と has many functions, the one being used here is to encapsulate the phrase before it, either as a spoken phrase, a thought, or a concept. Think of it as putting either quotation marks or parentheses around the previous words.
男の子はお父さんに本を読んでとたのみました。Leave out the longer dialogue and you have 本を読んでとたのみました。
'ほんを読んで' と たのみました。He asked (of his father) , 'Read a book'.
Since there are no actual quotation marks, however, it would be better phrased as translated by Duo.
The te-form conjugation of よむ. Verbs ending in む are conjugated in this way. There are many references online for this.
To add to the answer the other guy gave, it turns the verb "to read" into a command on a request. The boy said to his father "read me a book", which is a request so we use the て form.
I am having a really hard time understanding when to use だ for these...I Think I understand it as being the casual version of です but Duo uses it for some sentences and not for others. Can someone elaborate please?
From my understanding, you use だ when the quote does not end in a verb.
I think that playing the piano is fun --> ピアノを引くのは楽しいだと思います。
I think the food is delicious --> 食べ物はおいしいだと思います。
The sentences end in an adjective, so だ is used.
Close, but I believe because おいしい is an i adjective, it doesn't require the だ.
Some of these questions use the informal form for verbs and some use the て form in regards to verbs for the と particle. Which is it? when I was in class, I was taught the former. I'm pretty sure よむ should be used here, though I only learned about the particle in regards to いう and 思う.

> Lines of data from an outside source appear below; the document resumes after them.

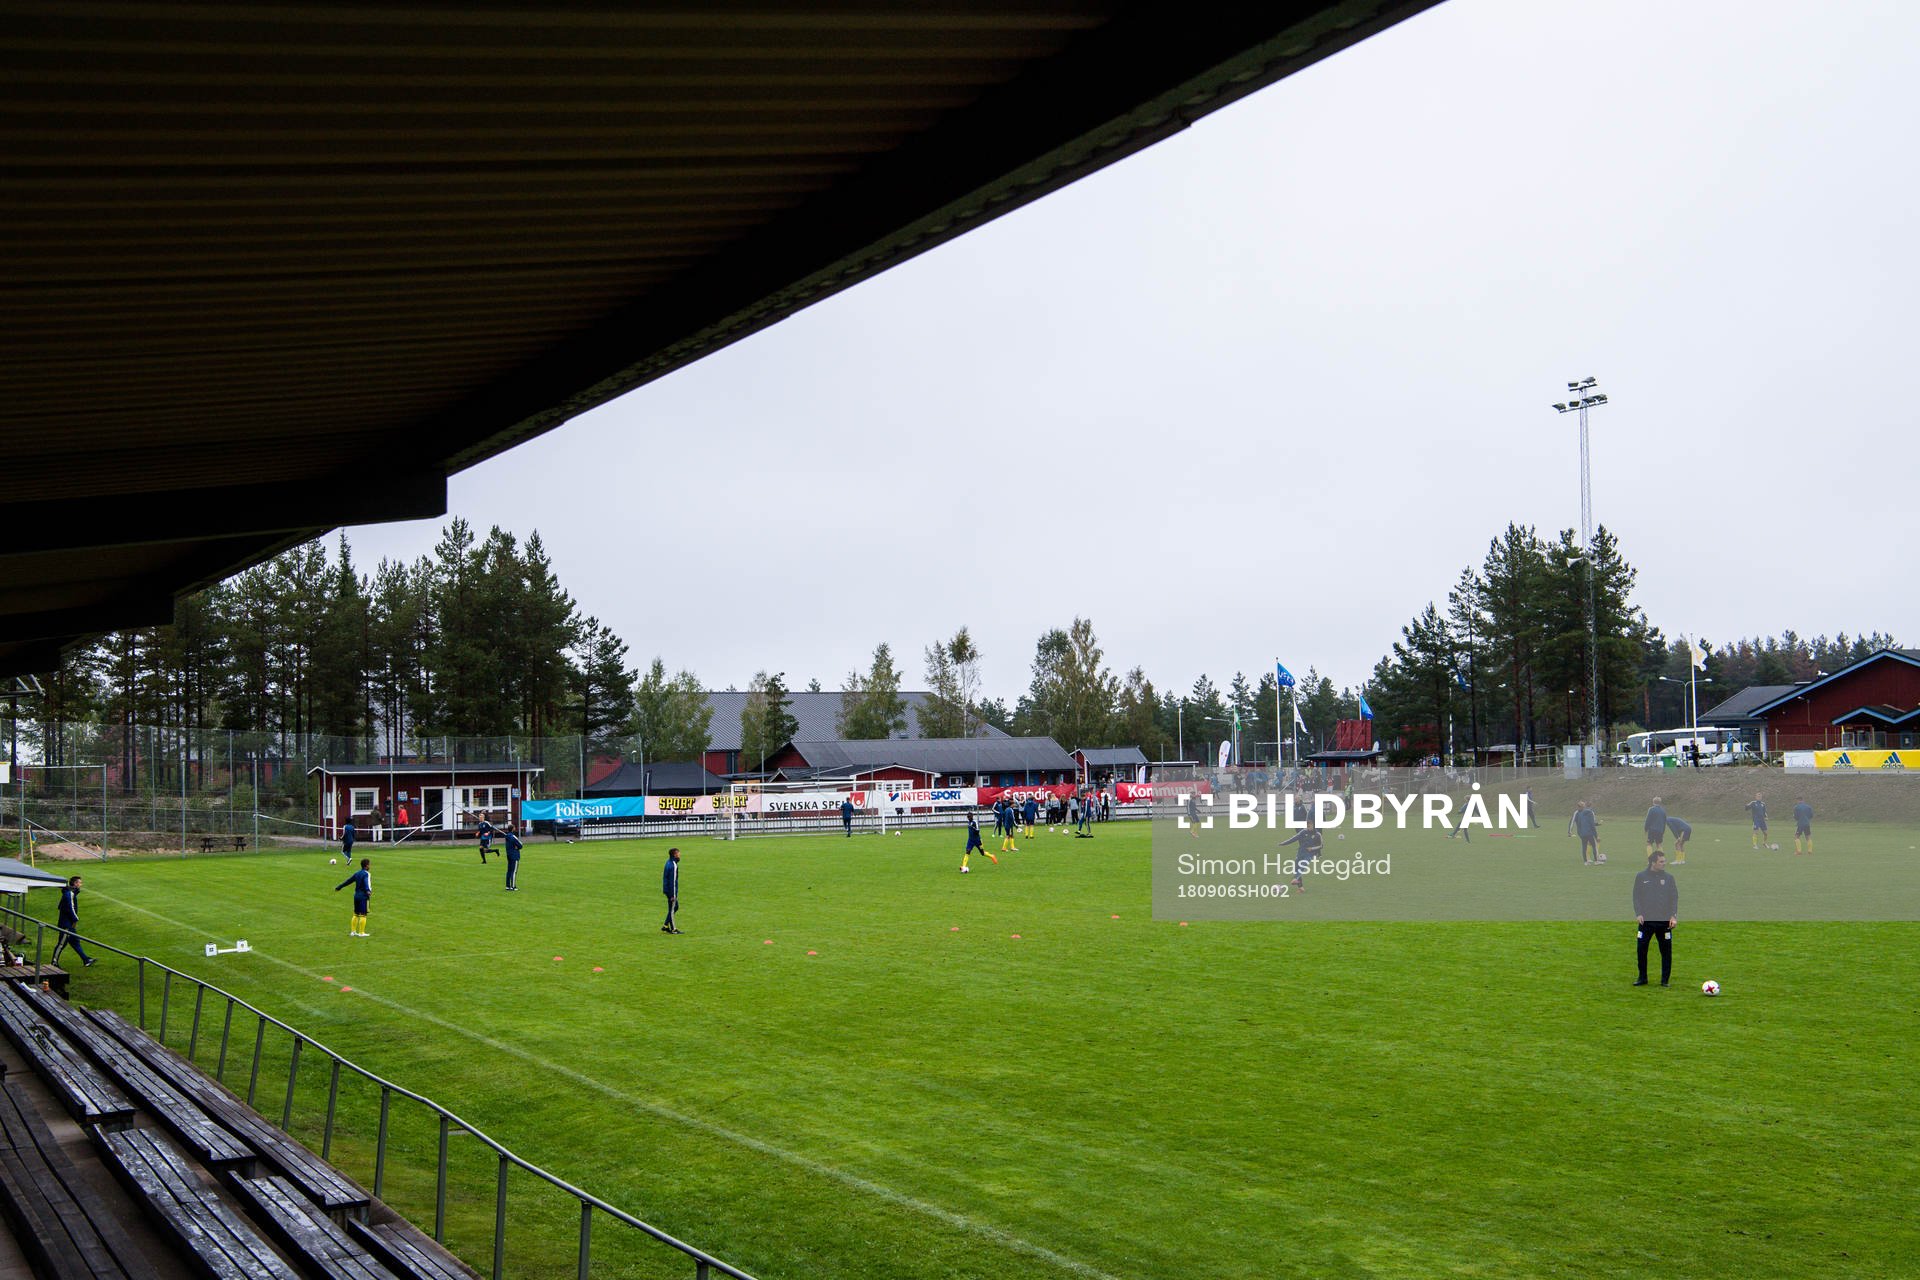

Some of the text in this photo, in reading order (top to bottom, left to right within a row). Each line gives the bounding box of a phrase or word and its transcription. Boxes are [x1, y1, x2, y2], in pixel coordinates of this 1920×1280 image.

[712, 795, 749, 809] SPORT
[900, 790, 962, 802] INTERSPORT
[555, 801, 613, 817] Folksam
[658, 797, 696, 810] SPORT
[769, 800, 819, 811] SVENSKA
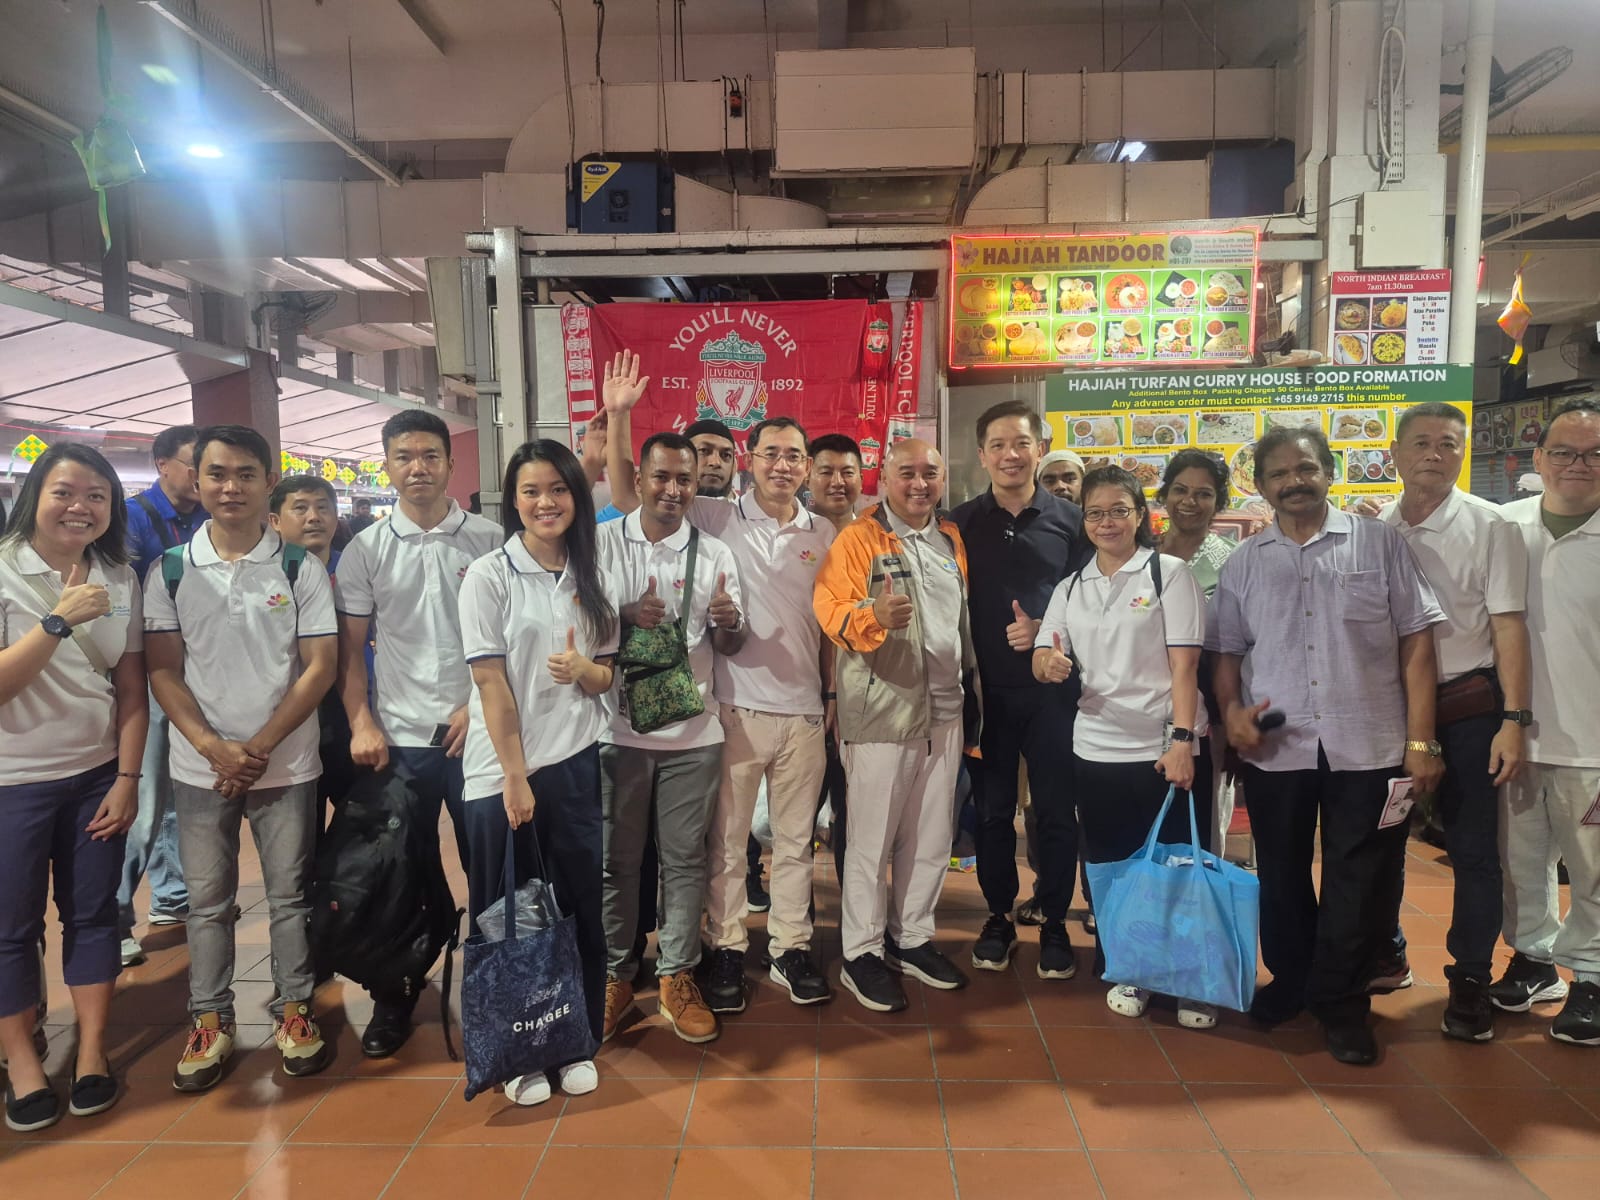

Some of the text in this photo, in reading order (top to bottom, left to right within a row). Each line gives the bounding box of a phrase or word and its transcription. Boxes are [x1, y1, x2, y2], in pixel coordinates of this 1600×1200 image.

[983, 244, 1165, 265] HAJIAH TANDOOR
[1367, 274, 1397, 282] INDIAN
[1399, 273, 1446, 281] BREAKFAST
[669, 307, 797, 358] YOU'LL NEVER
[709, 368, 755, 379] LIVERPOOL
[1069, 369, 1447, 391] HAJIAH TURFAN CURRY HOUSE FOOD FORMATION
[662, 377, 690, 389] EST.
[771, 379, 804, 391] 1892
[1128, 389, 1167, 397] Additional
[1356, 384, 1390, 392] Available
[897, 389, 913, 414] FC
[1112, 392, 1407, 409] Any advance order must contact +65 9149 2715 this number
[512, 1003, 571, 1033] CHAGEE
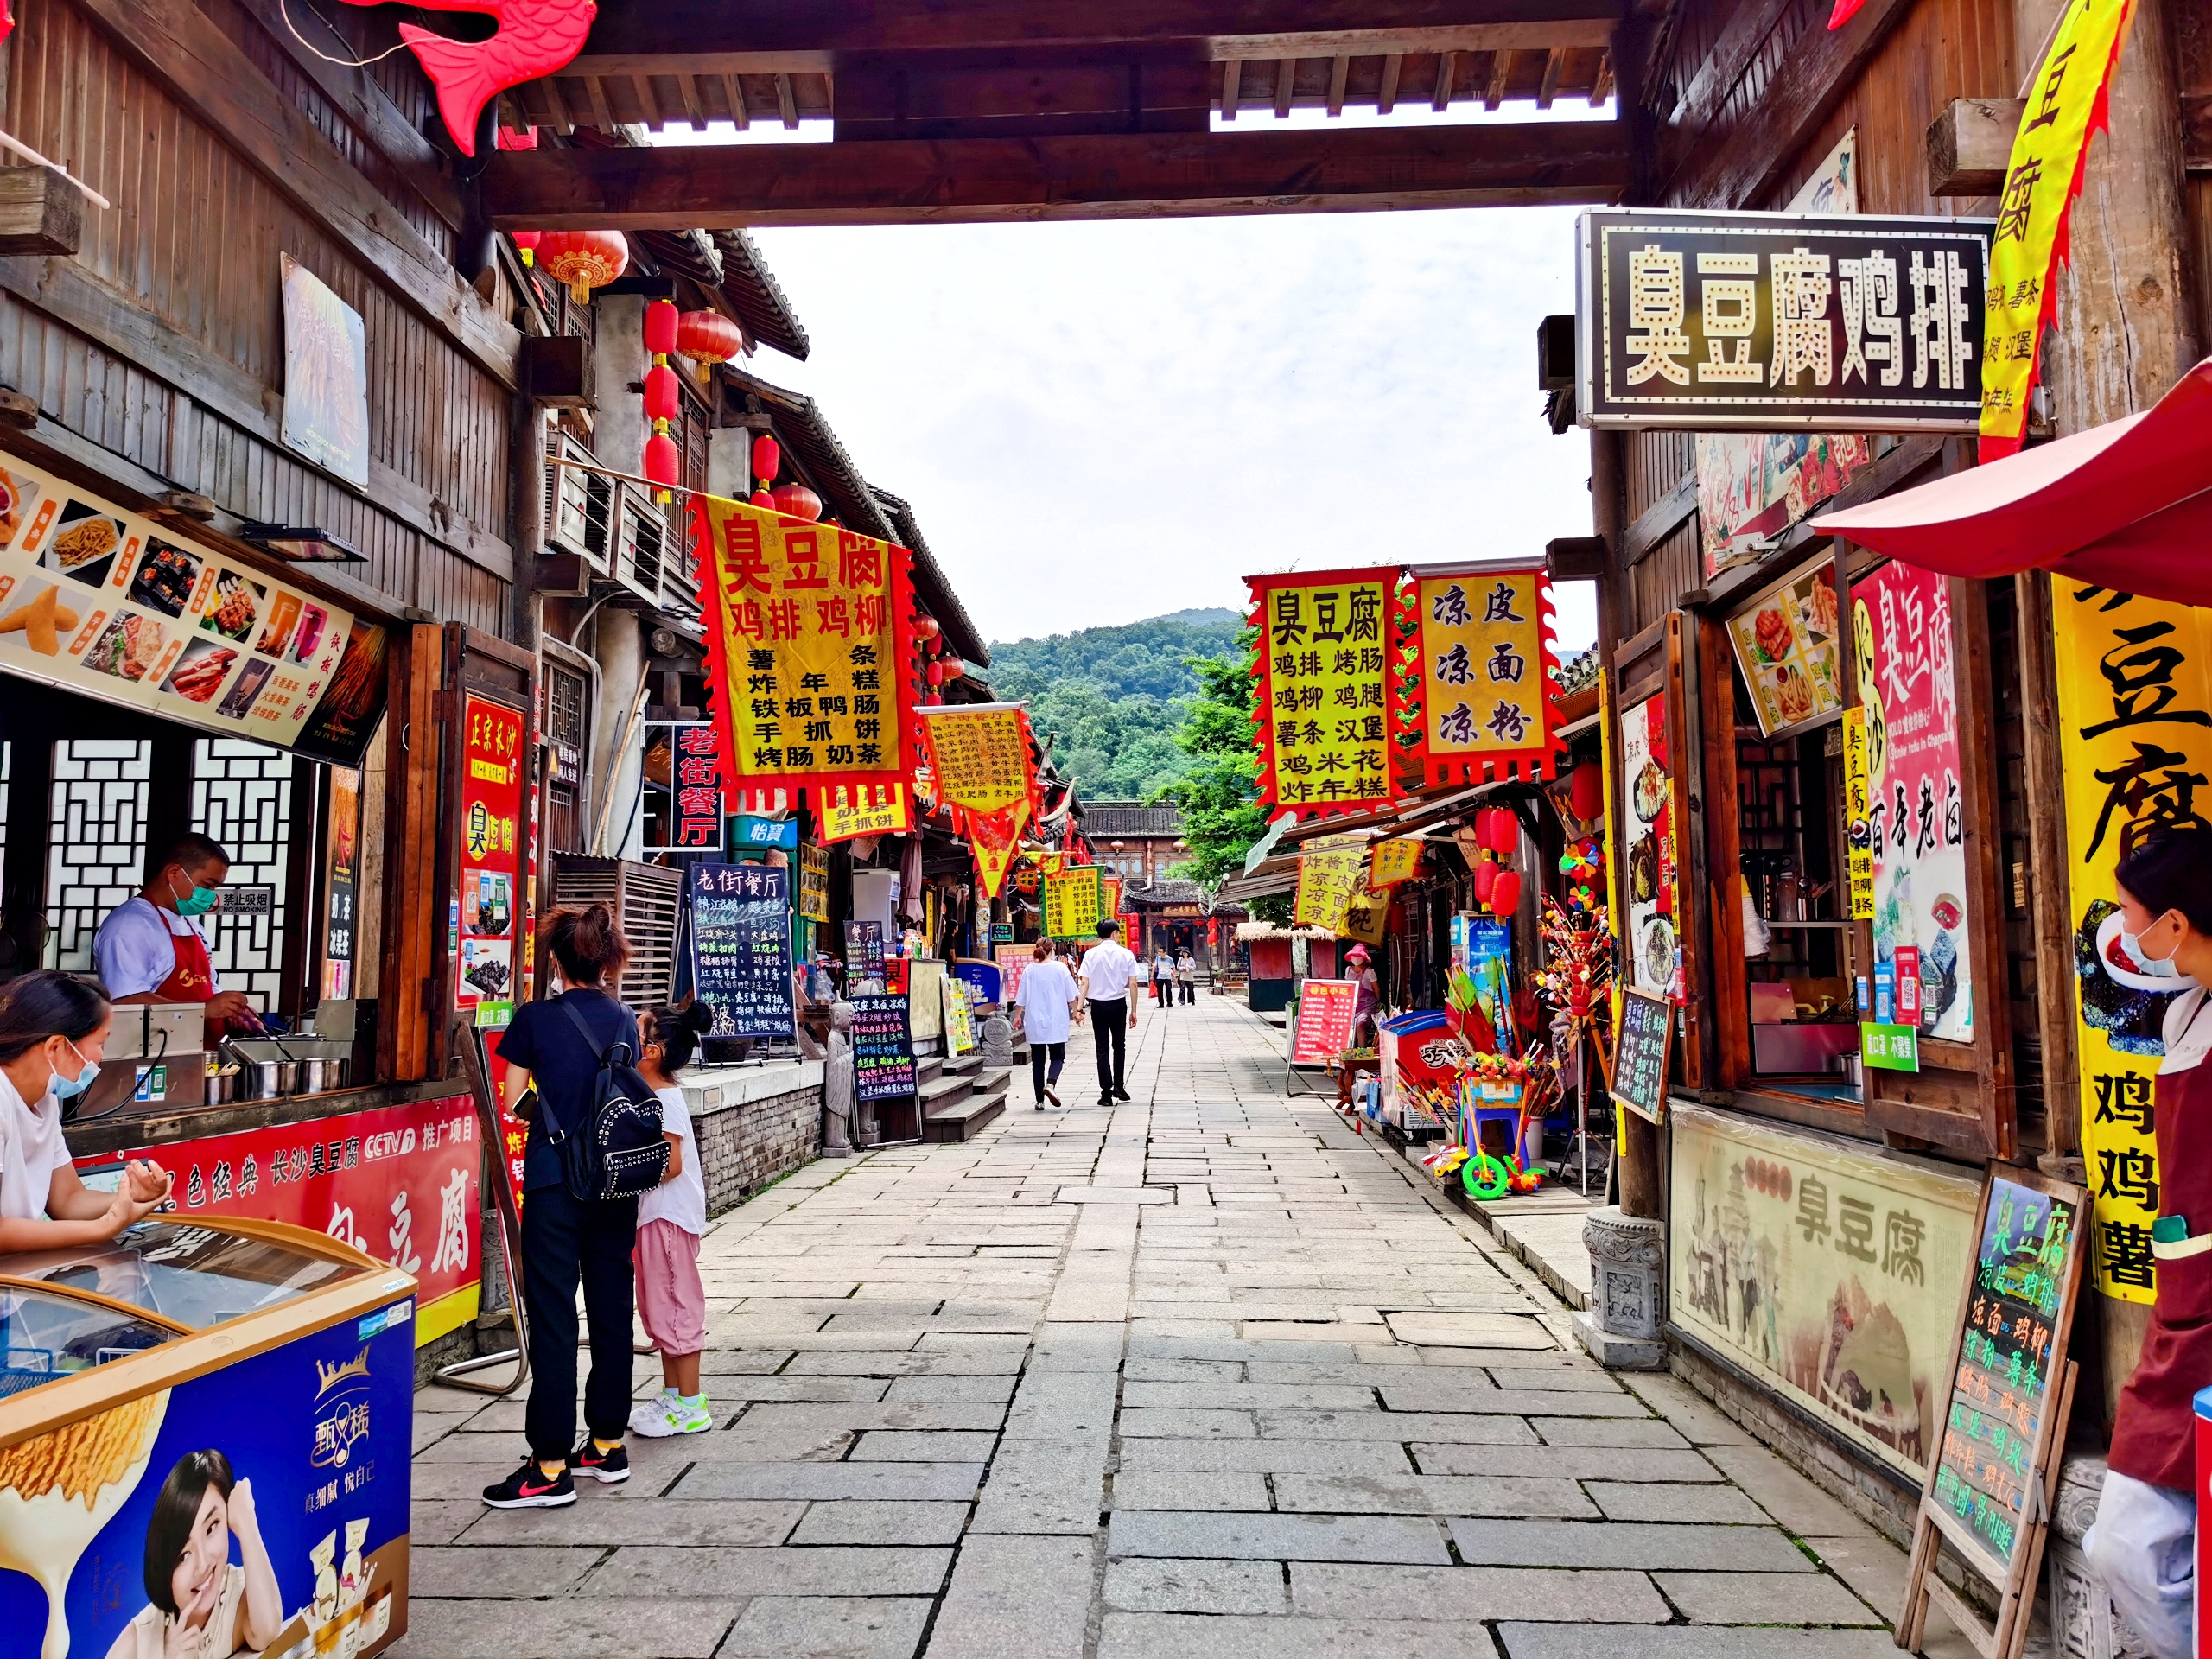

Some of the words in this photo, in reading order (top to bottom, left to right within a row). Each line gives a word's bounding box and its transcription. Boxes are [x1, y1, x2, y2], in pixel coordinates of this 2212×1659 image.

I kinda have an inkling, that as it is a request, that is what the て form is also used for, but at the same time, たのむ is expressing that anyway. Is it purposefully redundant when requesting something? I can't think of any other way to put the て request form in the past tense other than like this.
Anything before と should be considered a quotation. The quote can end in the て form (as a request) or in the dictionary form. Basically, it is saying "The boy asked his father 'read (me) a book'".
Okay so there are roughly four basic parts, three you should be decently familiar with.
男の子は just says it's the boy doing the asking. お父さんに means he's asking his father. たのみました is just the past tense of "to ask".
The last part I assume is what's tripping you up because it acts like a mini sentence. 本を読んで means "read a book" (as an instruction". The particle と turns this into somewhat of a quote, so it makes this mini sentence into what the boy is asking his father.